═════ GIVEN DATA

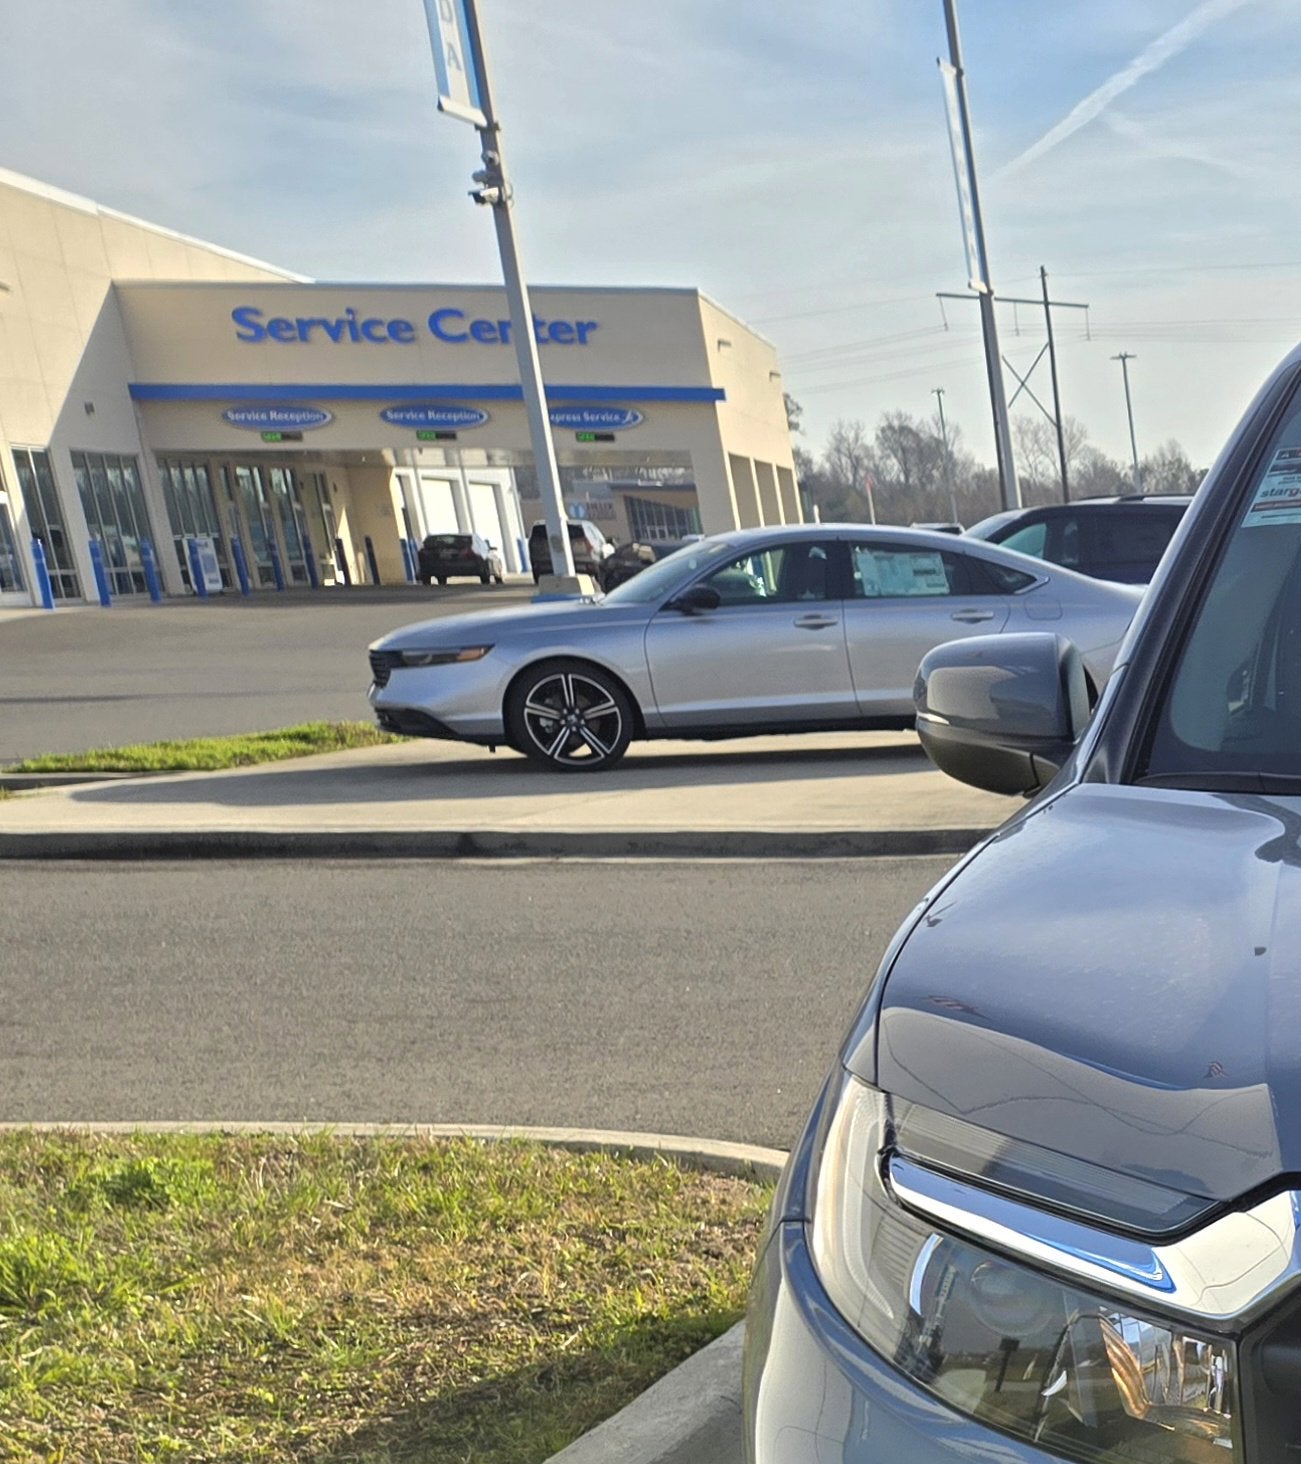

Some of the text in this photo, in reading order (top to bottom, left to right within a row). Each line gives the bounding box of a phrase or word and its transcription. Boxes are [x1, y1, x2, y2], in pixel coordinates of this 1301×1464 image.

[231, 305, 416, 344] Service
[227, 409, 324, 423] Service Reception
[386, 408, 480, 422] Service Reception
[583, 410, 621, 422] Service

══════════

#### WHAT YOU NEED TO DO:
Copy the records exactly; no image should appear in the result.

#### SOLUTION:
Some of the text in this photo, in reading order (top to bottom, left to right within a row). Each line gives the bounding box of a phrase or word and its transcription. Boxes are [x1, y1, x2, y2], in pixel coordinates of this 1301×1464 image.

[231, 305, 416, 344] Service
[227, 409, 324, 423] Service Reception
[386, 408, 480, 422] Service Reception
[583, 410, 621, 422] Service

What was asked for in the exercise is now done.